■ INSTRUCTIONS FOR THE TASK
Restate every entry verbatim; drop the pictures.

┌─ MATERIAL PROVIDED

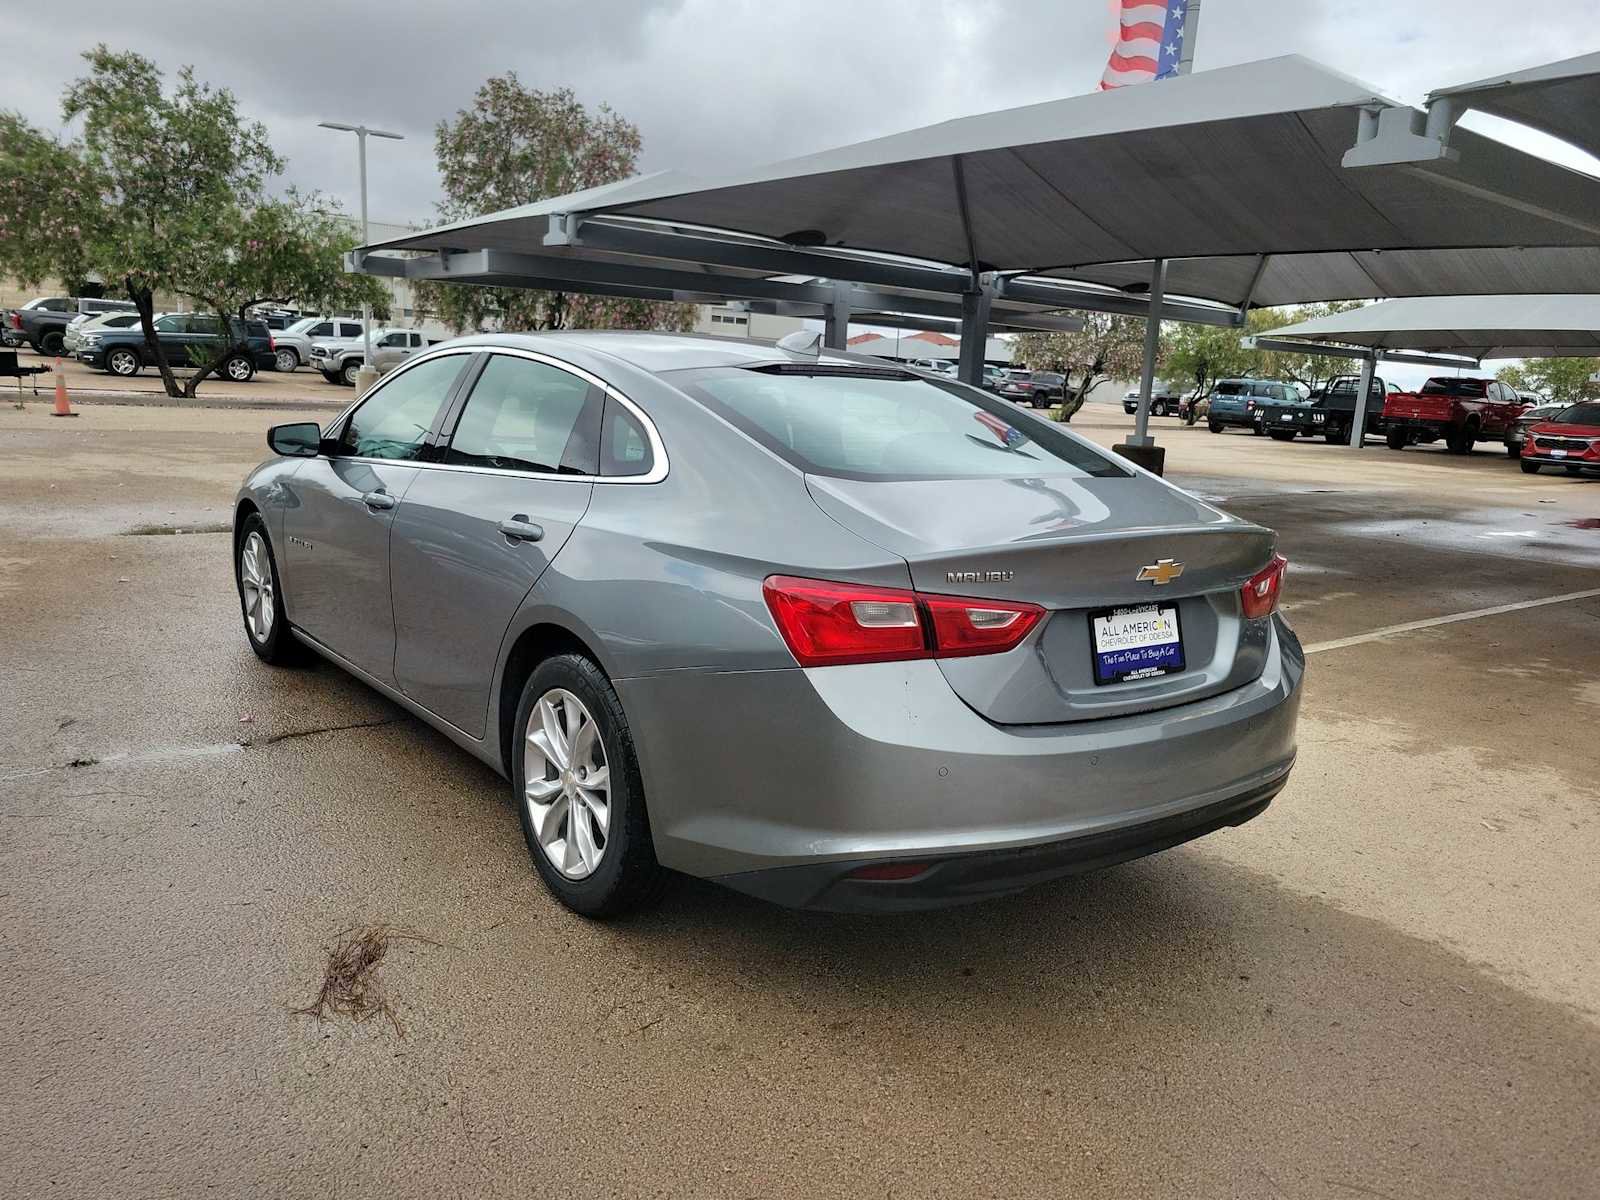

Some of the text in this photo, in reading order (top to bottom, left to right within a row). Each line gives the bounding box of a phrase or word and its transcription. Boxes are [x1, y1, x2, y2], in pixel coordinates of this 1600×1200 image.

[946, 571, 1014, 584] MALIBU
[1102, 625, 1120, 637] ALL
[1101, 631, 1173, 648] CHEVROLET OF ODESSA
[1103, 655, 1114, 665] The
[1124, 651, 1140, 662] Place
[1140, 649, 1148, 660] To
[1148, 648, 1160, 660] Buy
[1159, 647, 1166, 656] A
[1165, 646, 1175, 656] Car
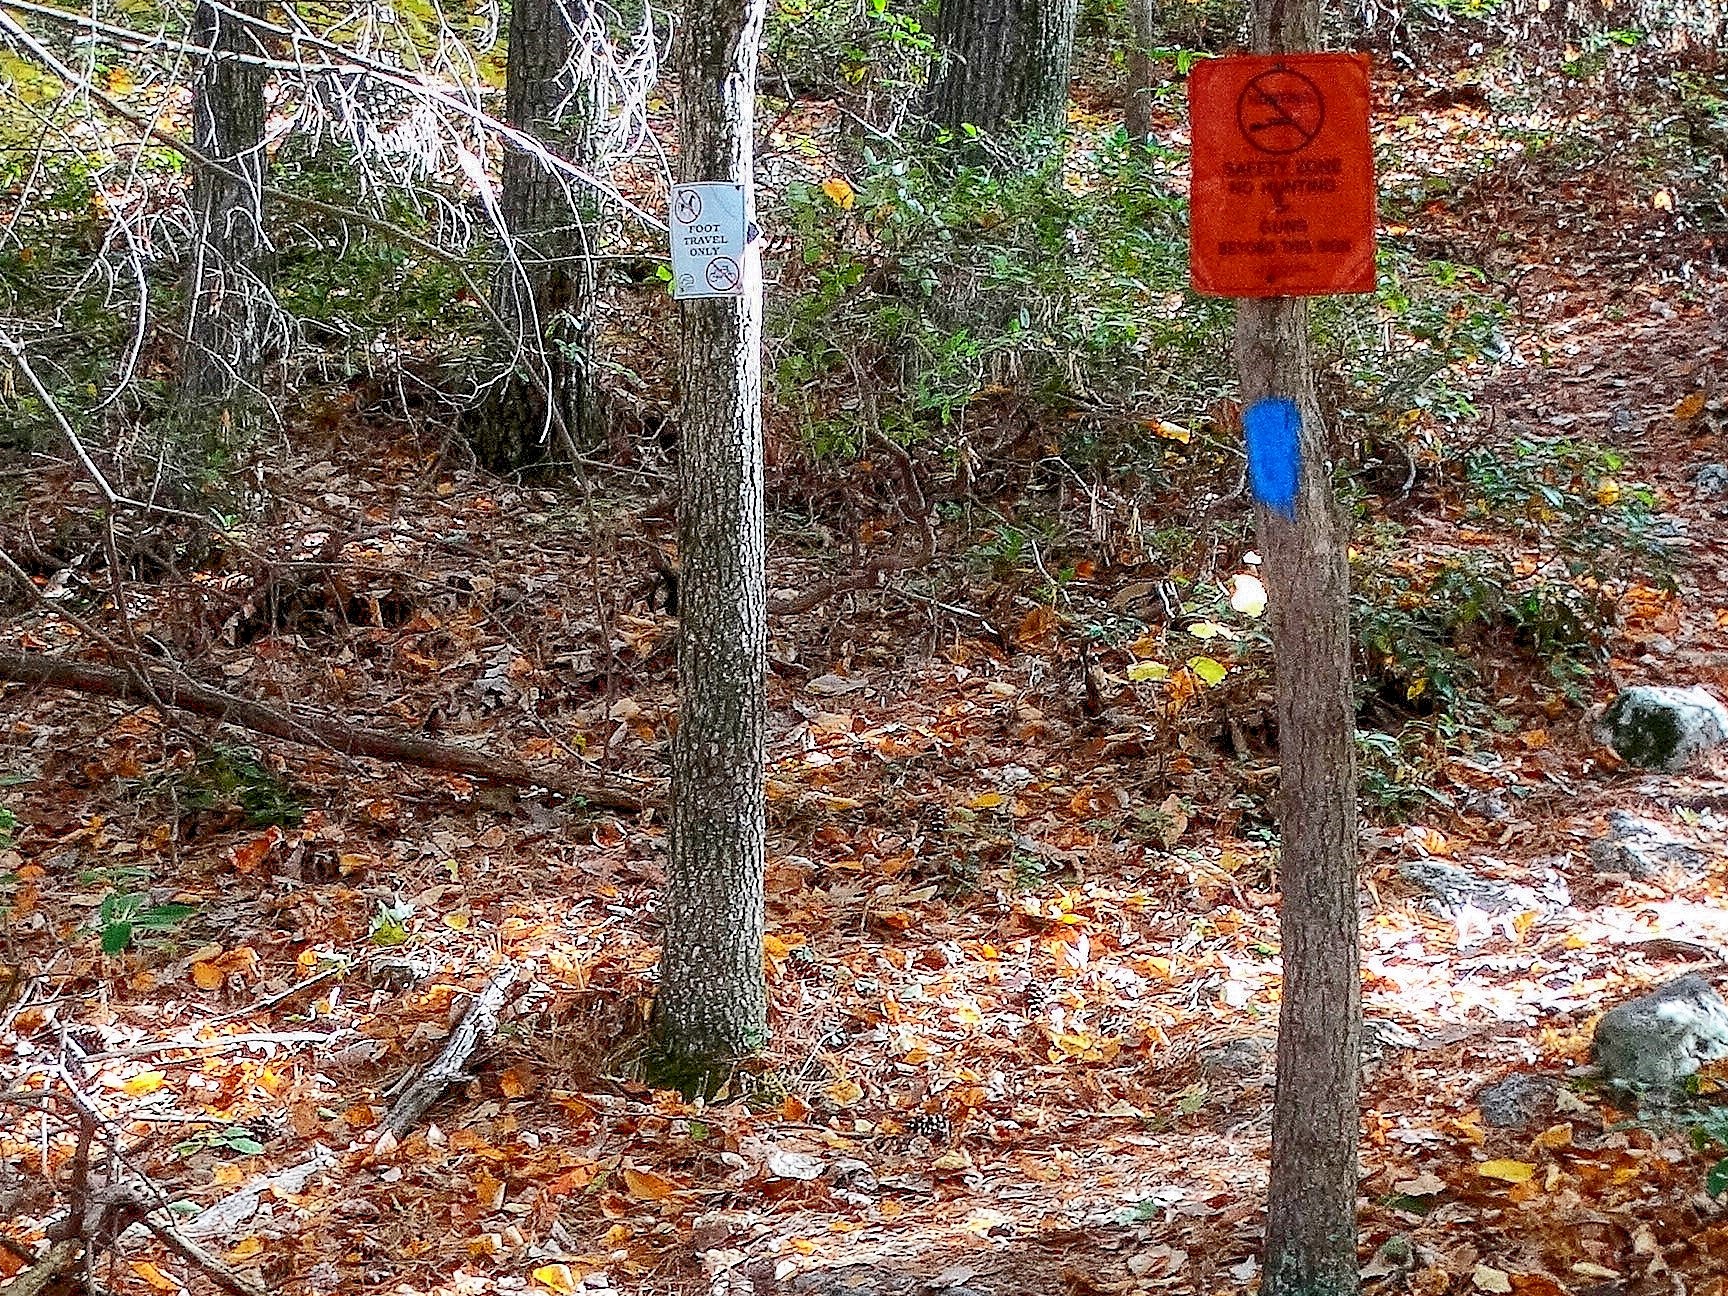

└─

■ TASK ANSWER
Some of the text in this photo, in reading order (top to bottom, left to right within a row). Each line gives the bounding box of a phrase or word and its transcription. Boxes are [x1, y1, x2, y2], in pixel coordinates of this 1600×1200 image.

[946, 571, 1014, 584] MALIBU
[1102, 625, 1120, 637] ALL
[1101, 631, 1173, 648] CHEVROLET OF ODESSA
[1103, 655, 1114, 665] The
[1124, 651, 1140, 662] Place
[1140, 649, 1148, 660] To
[1148, 648, 1160, 660] Buy
[1159, 647, 1166, 656] A
[1165, 646, 1175, 656] Car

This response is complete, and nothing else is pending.